何故撫でられたのかは理解していないだろうが、撫でられたこと自体は嬉しいのだろう。

笑顔を浮かべ、一度頷いてから再び俺の後ろに戻る。背後の気配が明るくなったので、機嫌は直ったのだろう。

まぁ、月も久しぶりに親友の詠と二人で料理をしたかったのだろうし、お前が嫌われているわけではないよ、と思念で伝えておく。

さらに背後からの気配が明るくなったので、おそらく喜んでいるのだと思う。

意外と子供っぽいのだな、なんて思っていると、二人の料理が出来たようだ。きゃっきゃとはしゃぎながら盛り付けをしている。

 

「ギルさんっ、出来ましたっ」

 

「結構自信作よ。月と一緒に作ったしね」

 

上機嫌な二人が食器を卓に並べていく。

ホカホカと温かそうな湯気を立てている料理たちは、匂いを嗅ぐだけですでに美味しいと確信できる。

 

「久しぶりだったから、沢山作っちゃいました」

 

「あんたも食べれるんなら食べるの手伝いなさいよ?」

 

月の言葉に、詠が付け足して自動人形に声を掛ける。

話しかけられるとは思っていなかったのか、驚いたような空気を感じる。

 

「食べられますよね? 自動人形さん、私のお菓子の味見、沢山しましたもんね?」

 

「・・・」

 

こくん、と月の言葉に答える自動人形。

何かしらの絆のようなものが出来たのか、喋らない自動人形とも意思疎通が出来ているらしい。

 

「ですよねっ。じゃあ、皆で食べましょうか」

 

嬉しそうに手を組んだ月がそう言って、四人が席に着く。

月たちももちろんそうだが、自動人形は本当に姿勢がいい。もう、本当に『人形』のように微動だにしない。

 

「それじゃあ、いただきましょう」

 

いただきます、と自動人形以外の三人が唱和し、自動人形が手を合わせて俺達に合わせる。

 

「ここ、凄いわね。多分、城にあるどの厨房より、ここの厨房が一番使いやすいわよ」

 

「だろうな。甲賀にも手伝ってもらって作成したキッチン周りは、多分数千年分くらいの技術になるとは思うよ」

 

なんてったって俺のいた現代のキッチンに似せた後宮の厨房は、押せば着火して、火力の上下が可能なコンロ、スイッチ一つで動き出す換気扇、捻れば出てくる蛇口などなど、見た目はともかく、中身は現代のものと遜色ない。

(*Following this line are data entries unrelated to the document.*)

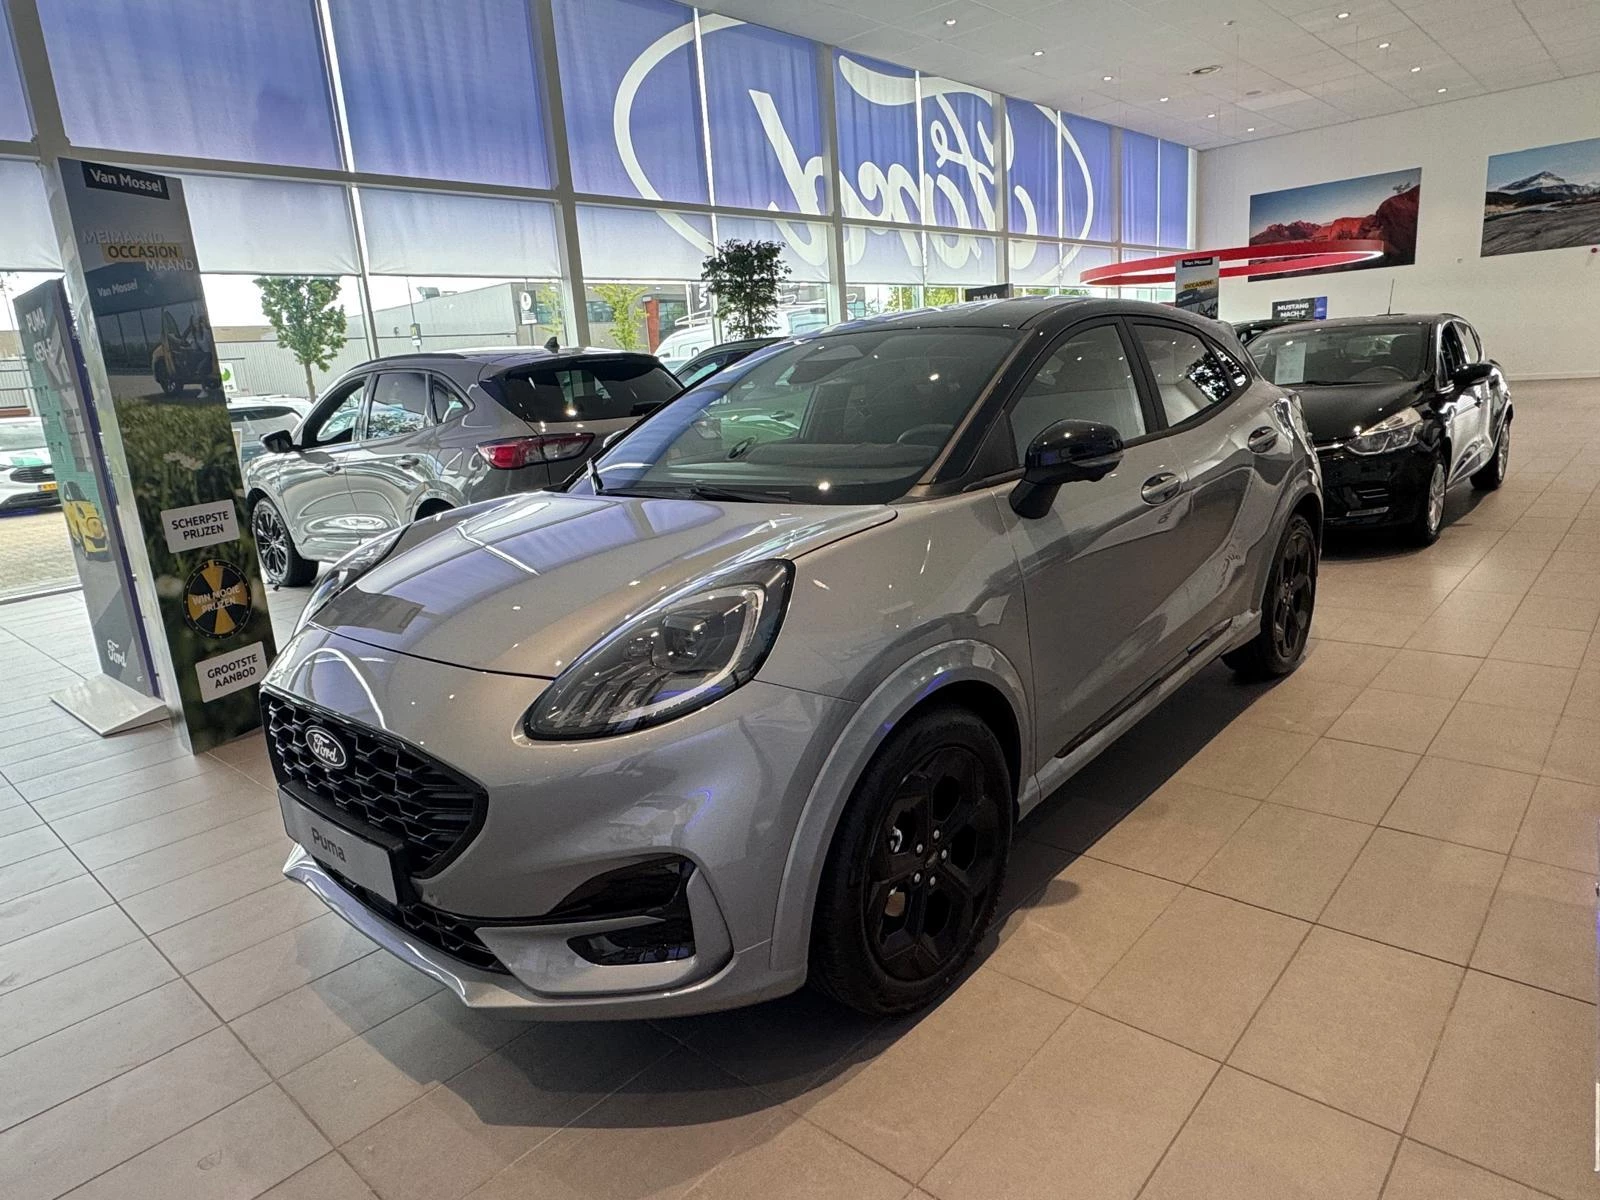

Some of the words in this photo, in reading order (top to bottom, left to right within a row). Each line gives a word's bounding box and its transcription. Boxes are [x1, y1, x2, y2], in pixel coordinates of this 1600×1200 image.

[89, 168, 117, 184] Van
[120, 173, 163, 192] Mossel
[107, 245, 178, 259] OCCASION
[145, 260, 194, 272] MAAND
[97, 286, 112, 297] Van
[112, 279, 138, 295] Mossel
[973, 293, 998, 302] PUMA
[1277, 302, 1310, 311] MUSTANG
[25, 307, 47, 334] PUMA
[171, 510, 230, 530] SCHERPSTE
[183, 523, 225, 540] PRIJZEN
[191, 591, 212, 606] WIN
[212, 585, 240, 599] MOOIE
[201, 597, 237, 614] PRIJZEN
[107, 639, 127, 668] Ford
[207, 653, 258, 679] GROOTSTE
[214, 666, 256, 689] AANBOD
[311, 732, 338, 763] Ford
[311, 826, 347, 863] Puma

使いやすさとしては抜群だろう。ちなみに、これについては緘口令をしき、記録を残すことは禁止している。

まぁ、自動人形か侍女隊くらいしかここには入れない男子禁制の大奥みたいになっているし、そのどちらも俺の命令を無視するような人間じゃない。

後は後宮に入った子たちくらいだが・・・まぁ、そちらも言いふらすような軽い口は持っていないだろう。そっちも口止めはしてるしな。今は月だけだけど。

 

「数千年・・・あんたたちが来たって時代よね」

 

「まぁ、そうだな。天の国って呼ばれてるところだな」

 

確か月や詠には俺や一刀、甲賀が来た時代をざっとだが説明していたはず。

まぁ、あまりにも乖離しすぎていて理解は出来ても納得は出来ていないみたいだけど。

・・・俺が一度死んでいる一般人だというのは、いまだナイショだけどな。

 

「不思議な感覚よね。あんたがいた頃は、ボクたちは過去の人間だったわけでしょ?」

 

「・・・まぁ、全員男だったけどな」

 

「そこも不思議よね。あんたたちが見ていた『教科書』って言うのを一度見てみたいものね」

 

料理を口に運びながら、詠がそう一人ごちる。

 

「私たちからしたら、未来の出来事が書かれた本になりますね」

 

少し怖いです、と月の眉尻が下がる。

確かに、未来に何が起こるのか分かるというのは、恐ろしいものだろう。

・・・というか、俺は転生したから教科書とか持ってないし、一刀も着の身着のままこっちに来たから荷物は無し。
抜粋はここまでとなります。